3-way Red Dimmer Clicking itself off

I have a setup where I have an inovelli red dimmer wired to line/load in a 3-way with a dumb 3-way switch with neutral all-around. The Red Dimmer is powering a single LZW42 RGBW Ilumin bulb. Simple setup, works great minus shutting off the bulb power when turned off (I’ll get an Aux switch eventually).

I have an issue where when the Ilumin is controlled from ~50% or higher to 1% brightness for bedtime (it’s in the kids’ upstairs hallway), the relay is clicking on the Red Dimmer and the switch is shutting off power to the bulb. It’s repeatable probably 90% of the time. When I click the switch back on it works perfectly and the bulb is at 1%, but I’d prefer it working as intended (working on/off and letting the bulb do the dimming).

I have it set as Neutral, 3-way Toggle, Disable delay Yes, and Smart Bulb Mode Yes.

Is this another one where I should set the max to 80% (like my other 4-way with dumb bulb)? Will that hurt the bulb?

This makes perfect sense.

Short answer- try a bypass module, even though you have a neutral wire, that may solve it. Or get a companion switch for the 3way instead of a dumb switch, which will definitely solve it. Or use a dumb bulb rather than a smart bulb.

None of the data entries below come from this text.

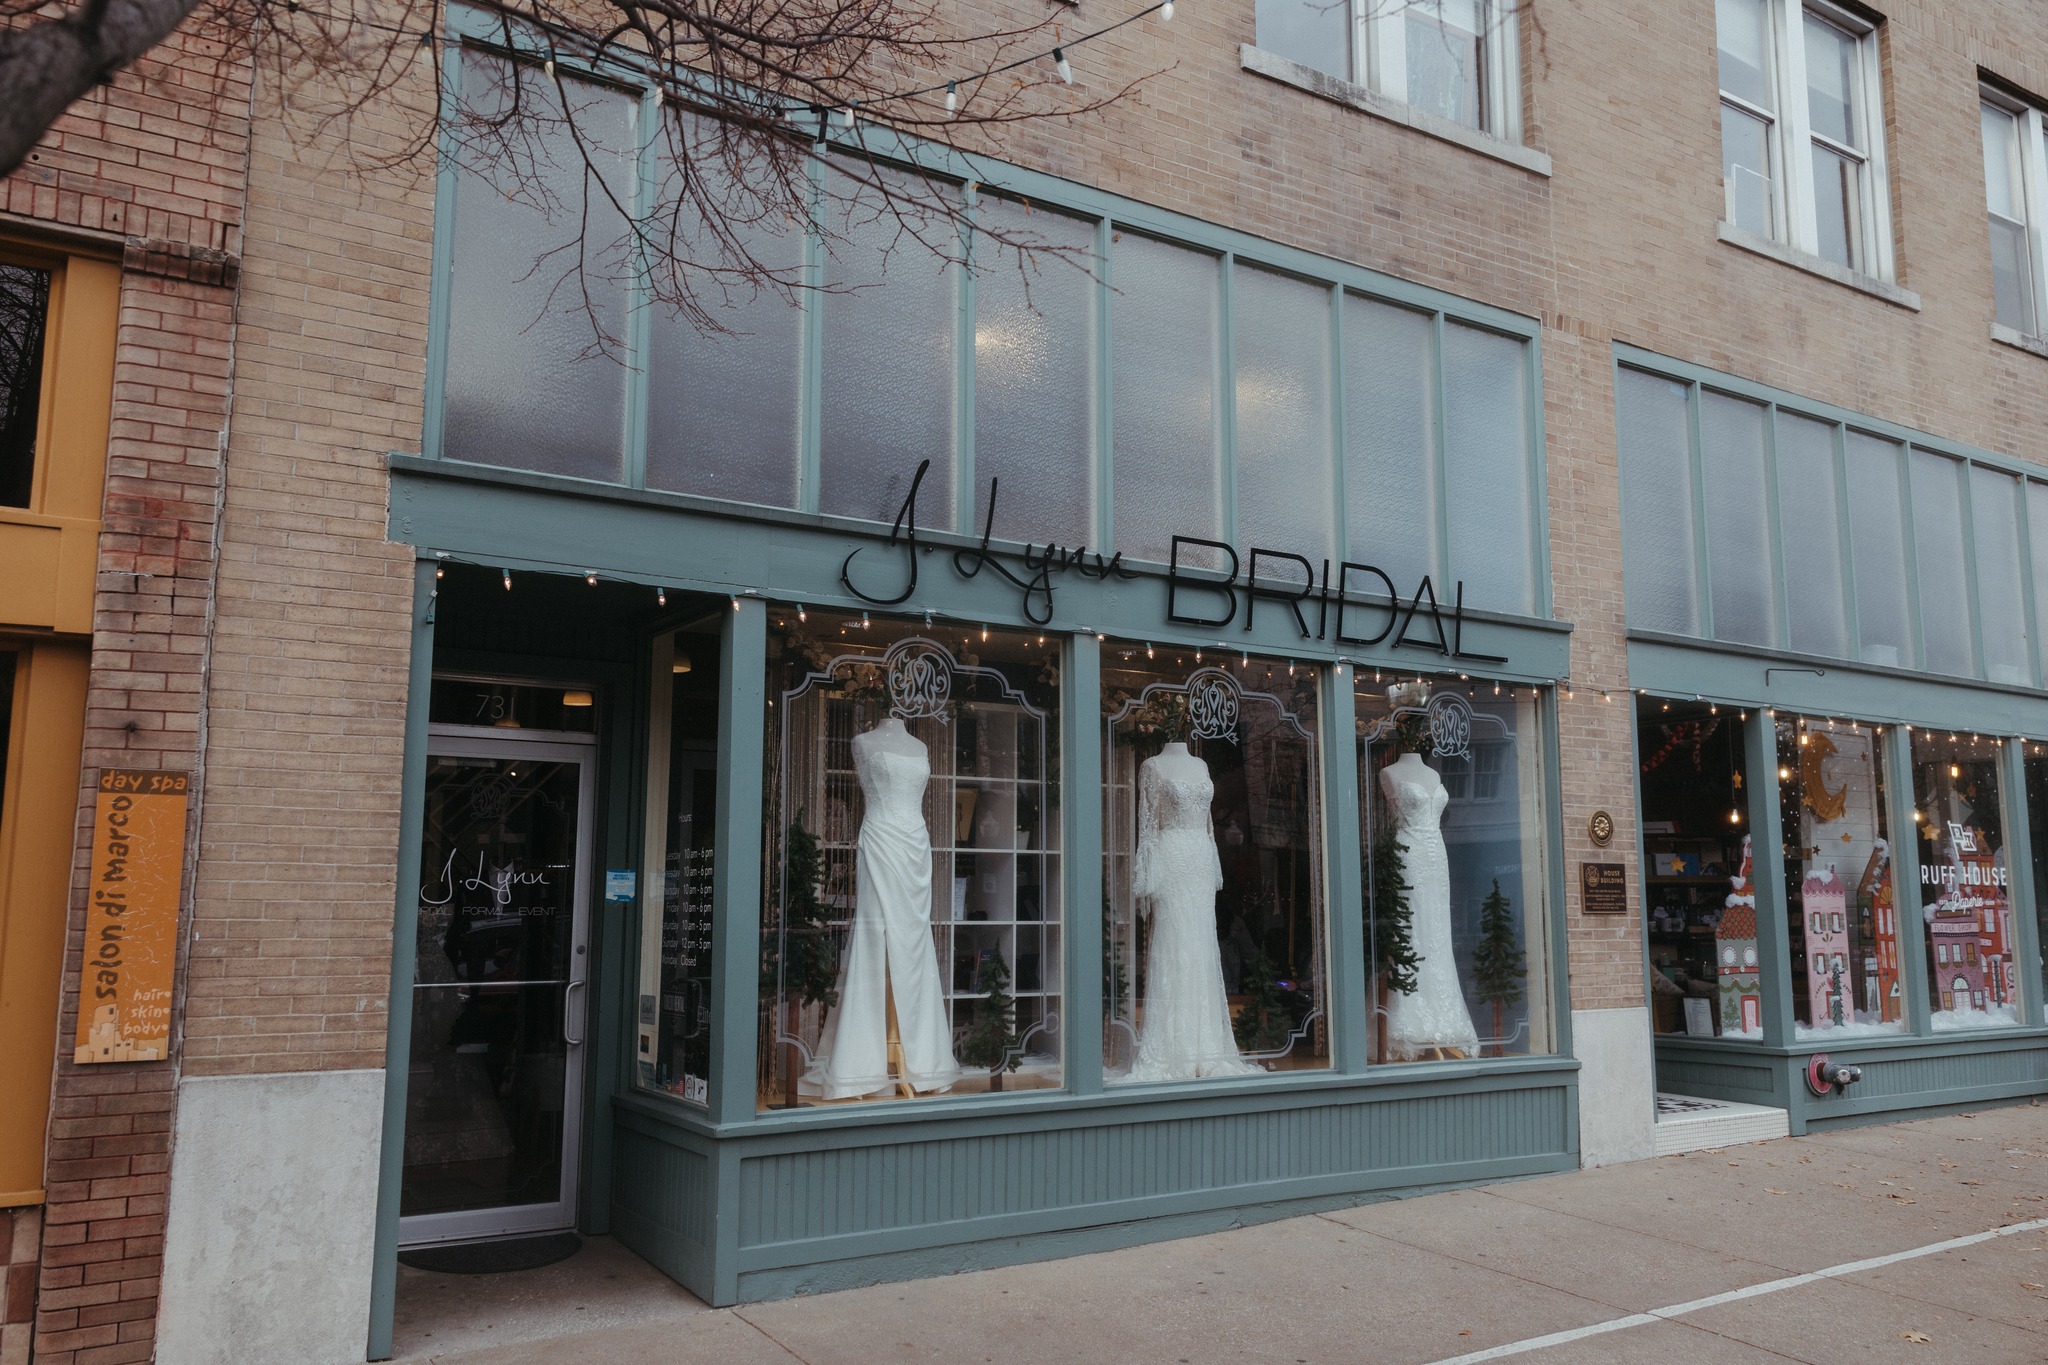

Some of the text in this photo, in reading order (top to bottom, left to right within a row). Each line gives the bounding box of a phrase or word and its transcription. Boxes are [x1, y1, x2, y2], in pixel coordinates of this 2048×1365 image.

[954, 476, 1141, 625] Lynn
[1168, 534, 1509, 663] BRIDAL
[476, 694, 514, 721] 731
[101, 770, 187, 793] day spa
[465, 850, 551, 905] Lynn
[1920, 864, 2007, 886] RUFF HOUSE
[95, 890, 128, 918] di
[462, 906, 510, 916] FORMAL
[518, 906, 557, 916] EVENT
[1951, 891, 1984, 915] Paperie
[89, 924, 126, 1000] salon
[680, 955, 697, 967] Closed
[133, 988, 164, 1001] hair
[130, 1004, 162, 1018] skin
[123, 1021, 161, 1036] body

Long answer- in a dumb switch 3way config, the Inovelli dimmer can send output power either to the Load or Traveler wire. The 3 way dumb switch connects the light’s Load wire to either of the two terminals coming from the Inovelli switch. So the Inovelli switch is constantly measuring the voltage on both Load and Traveler; one will always be connected to nothing, the other will always be connected through the load to neutral. When you toggle the dumb switch, the two switch- the terminal that was disconnected becomes connected to the load, and the one that had the load is disconnected. So when it detects the dumb switch has been toggled, it turns the dimmer output on/off and clicks the relay.

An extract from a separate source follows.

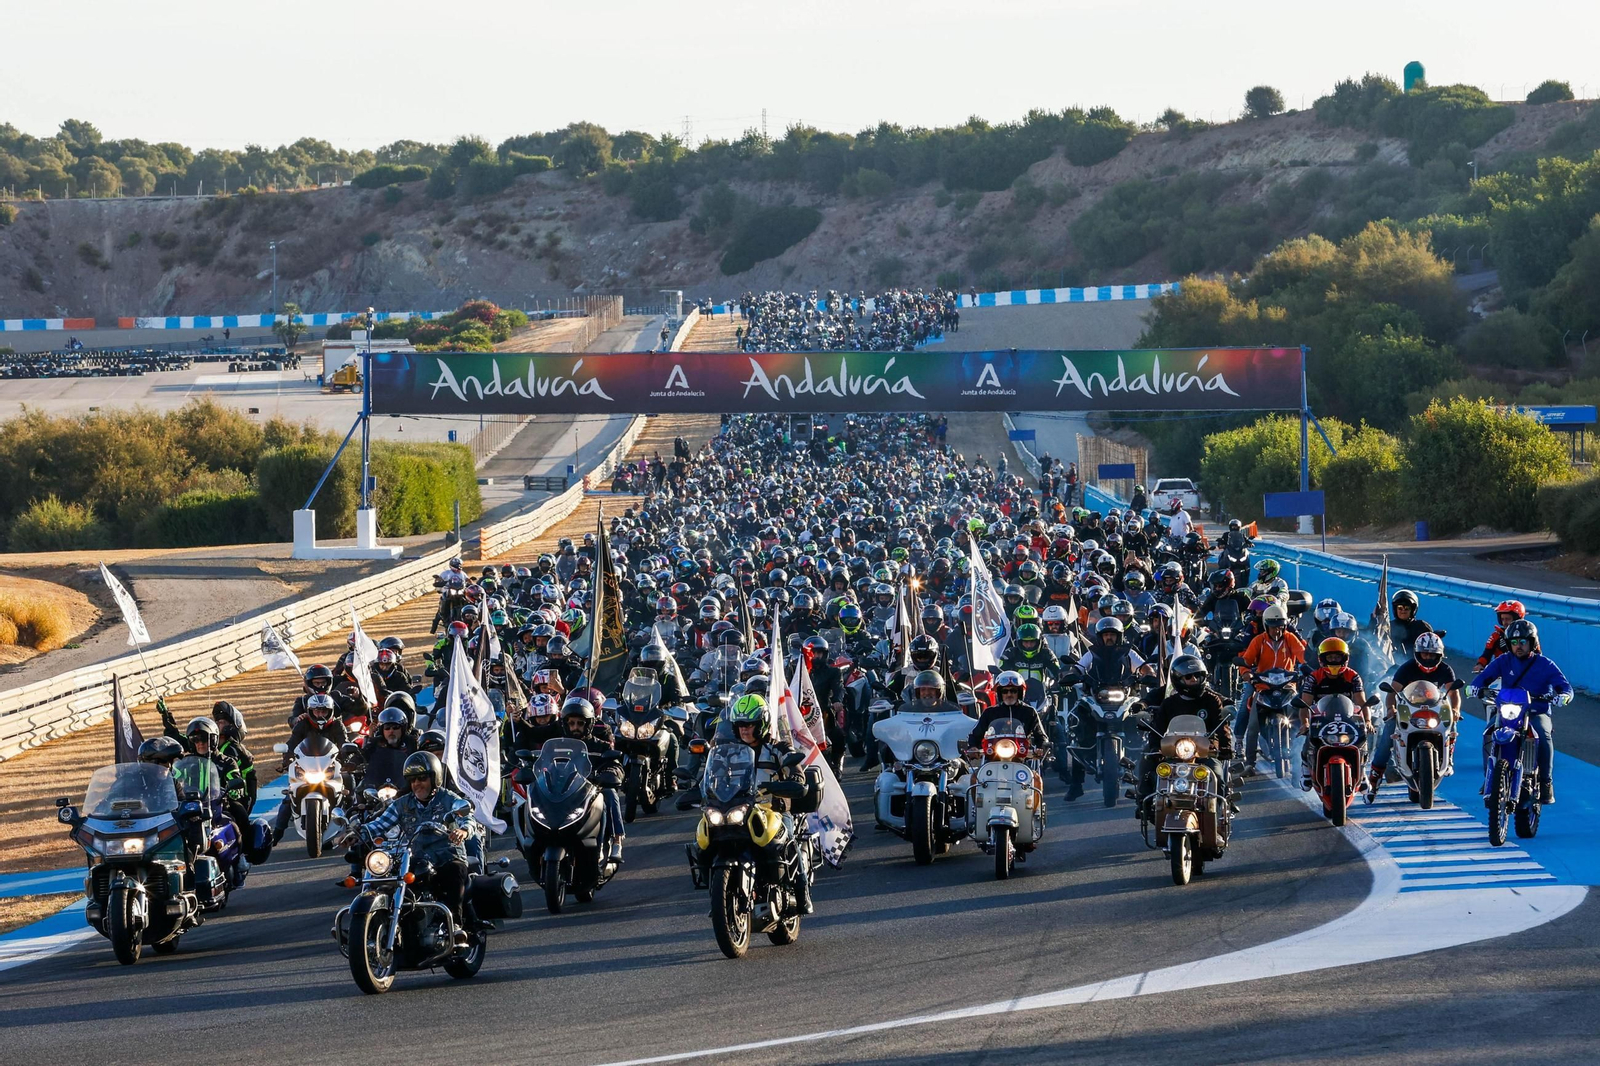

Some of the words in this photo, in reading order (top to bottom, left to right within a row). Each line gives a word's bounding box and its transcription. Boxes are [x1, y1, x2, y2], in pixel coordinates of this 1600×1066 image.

[429, 357, 614, 402] Andalucía
[740, 356, 925, 400] Andalucía
[1053, 354, 1240, 399] Andalucía
[1326, 723, 1348, 735] 31

Problem is, you have only one bulb on the relay and it’s a dimmable smart bulb. What I think is happening is when you dim the bulb, the amount of power that can flow through the bulb is reduced, and the Inovelli interprets this as you toggling the dumb switch.

Thus my suggestion of a bypass module- you’d need two actually, one from load to neutral, one from traveler to neutral. They could go right behind the Inovelli switch, or you could use one bypass in the light fixture connecting load to neutral. What this would do is provide a constant baseline power load on the line, maybe enough that the switch would detect it and not just see wattage falling and assume the 3way was toggled.

The companion switch (GE / HomeSeer brand 3way aux switch) sidesteps this problem entirely, because the Inovelli is now sensing for the aux switch signal rather than trying to measure voltage or power flow.

I doubt any combination of Z-Wave parameters will help solve this because the issue is electrical not logical- dimming the bulb looks to the dimmer like the switch was toggled.

I would also bet money that if you replace the smart bulb with a dumb bulb (incandescent or LED) this behavior will stop and the switch will work correctly.

Hope that helps!

Hey @kreene1987 – are you using Association’s or scenes with this one?

No do not do this – all smart bulbs require the full 100% to work.

I think what the issue is here is that it’s wired to work in a 3-Way setting with a dumb switch. The relay clicking indicates this (if it was set to work with an aux switch, there is no clicking). If it’s wired to work with a dumb switch, I’m not sure smart bulb mode will work. Reason being is that smart bulb mode is activated when there’s an aux switch wired to it. I believe the reasoning was that no one would use smart bulbs in a 3-Way setting without an auxiliary switch as a dumb switch would just cut power to the circuit.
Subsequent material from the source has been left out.